But let’s say a member of your organisation is a prominent journalist – then the same problem arises. Take Paul Foot for example – for years, he was far and away the best known member of the British SWP. I’d say there were thousands of people in Britain who’d heard of Tony Cliff, maybe tens of thousands at a stretch. There were millions who’d heard of Foot, maybe tens of millions.

He had a column in the Mirror, which sold two or three million copies, and he was regularly on the TV. Far more people would have heard of Foot, than would have heard of the SWP. If there had ever been a WP/DL type split in the SWP, it would have mattered a great deal what faction Paul Foot aligned himself with. So even though the SWP had no elected reps, and didn’t even run in elections for many years, it could have had a similar problem.
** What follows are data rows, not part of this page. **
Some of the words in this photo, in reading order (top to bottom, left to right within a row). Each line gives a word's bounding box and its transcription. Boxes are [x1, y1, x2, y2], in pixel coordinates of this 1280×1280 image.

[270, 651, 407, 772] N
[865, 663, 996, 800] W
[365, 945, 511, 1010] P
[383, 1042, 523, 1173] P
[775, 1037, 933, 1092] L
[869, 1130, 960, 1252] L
An anarchist organisation that didn’t run in elections could also experience the same problem. I don’t think it’s an exaggeration to say that Noam Chomsky has a higher profile than all the other anarchists in the world put together. As far as I know he’s not involved in any formal anarchist group in the States, but if he was, his prominence could be a problem (his comrades might have totally disagreed, for example, with his call for people to hold their nose and vote Kerry in the 2004 election – but no newspaper would have reported their arguments).

To cut a long story short, the only way you can avoid this problem is to have no members who are prominent in politics, the media, academic life or whatever. But that would make things a lot harder, because you’d be totally reliant on your own efforts - word of mouth, leafleting, distributing publications door to door, and so on - to get your message across.
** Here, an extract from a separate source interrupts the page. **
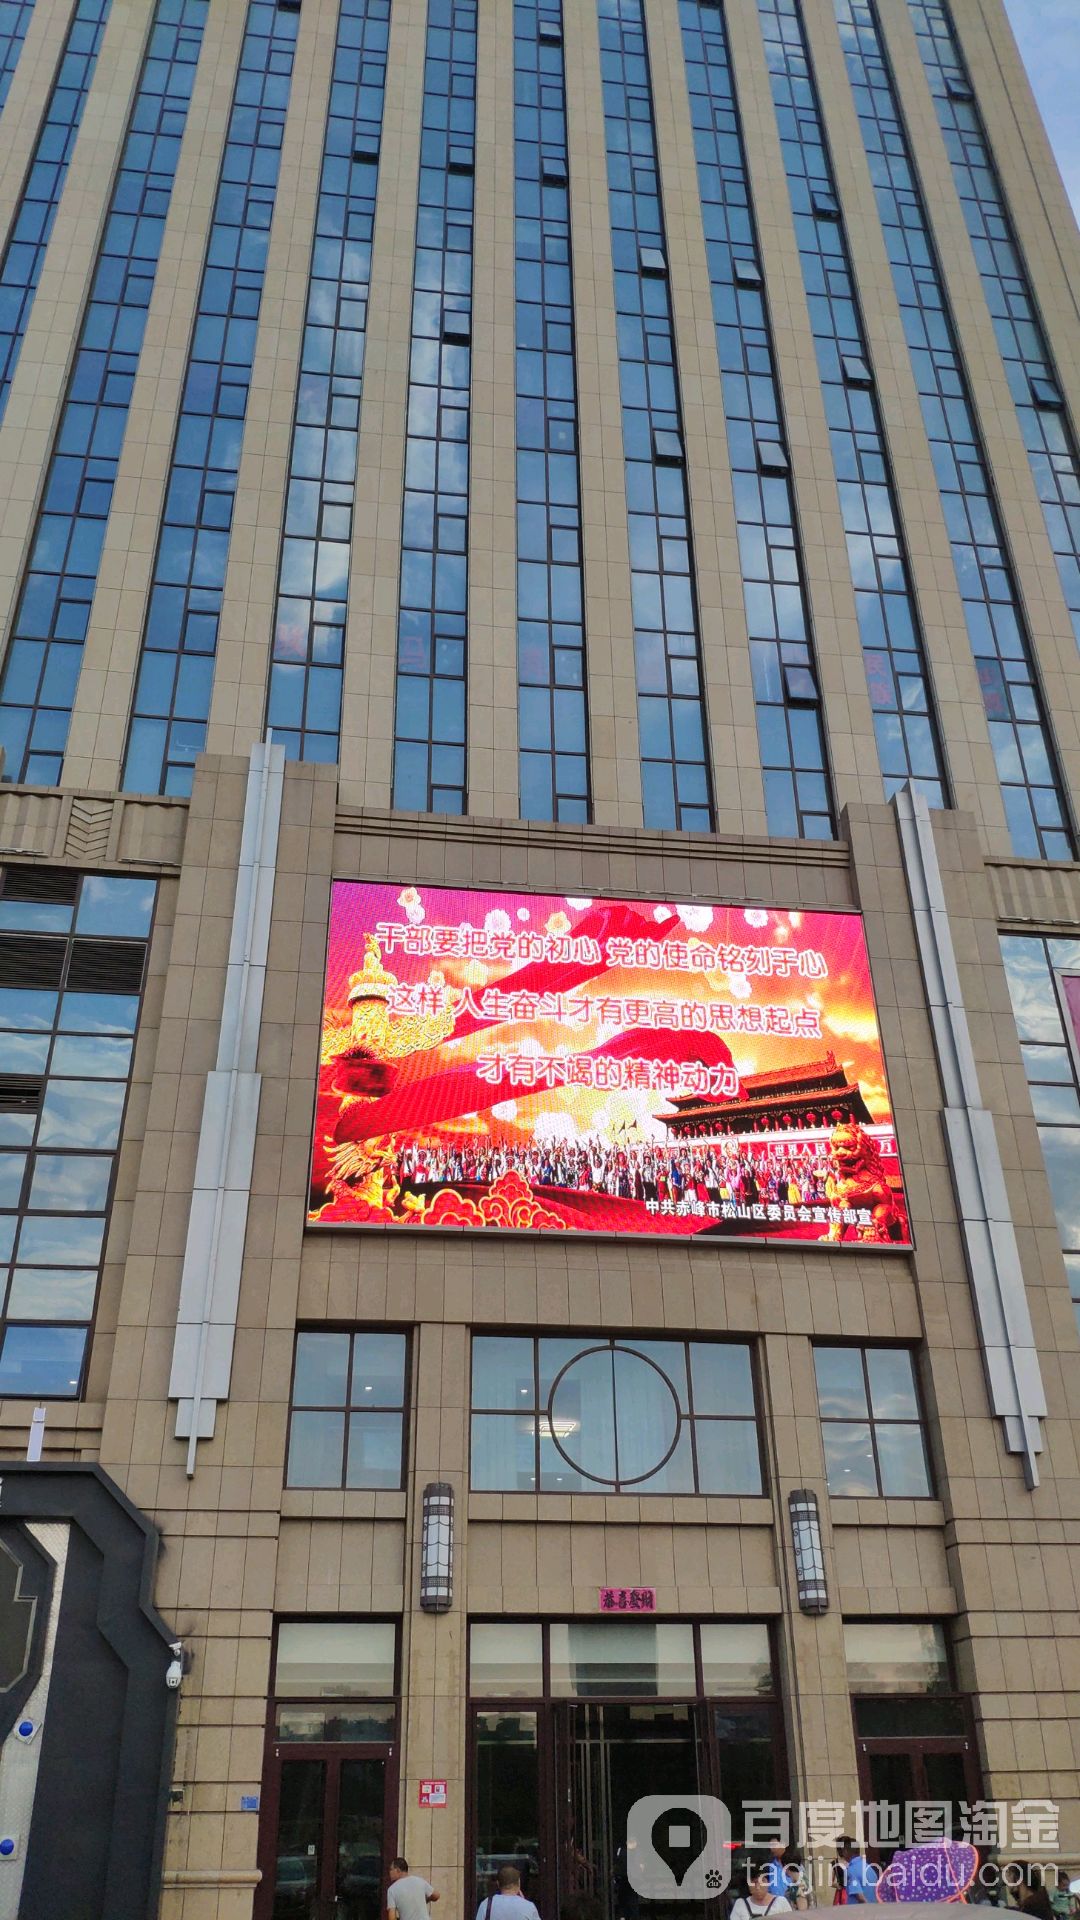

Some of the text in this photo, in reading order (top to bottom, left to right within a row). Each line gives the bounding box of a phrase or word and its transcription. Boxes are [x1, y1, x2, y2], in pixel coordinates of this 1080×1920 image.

[377, 922, 828, 978] 干部要把党的初心 党的使命铭刻于心
[386, 984, 822, 1039] 这样 人生奋斗才有更高的思想起点
[477, 1053, 739, 1096] 才有不竭的精神动力
[645, 1197, 873, 1227] 中共赤峰市松山区委员会宣传部宣
author by Joepublication date Fri Nov 17, 2006 19:18author address author phone Report this post to the editors

The difference between a journalist (or Chomsky) and a TD is that organisation don't spend huge amounts of time and resources plugging one of their members who happens to be a jounalist or whatever Chomsky is. Getting and keeping a TD in power does require quite considerable effort.

If Chomsky decided to become a neo con tomorrow it might be a bit annoying but it wouldn't undo years of effort.

It is not the SP's fault but rather the whole design and purpose of the electoral system that requires putting a lot of your political eggs into the hand of an individual. Again I recommend reading "Parliament or democracy" http://struggle.ws/once/pd_intro.html to understand the the flaws in the system from that perspective are there by design.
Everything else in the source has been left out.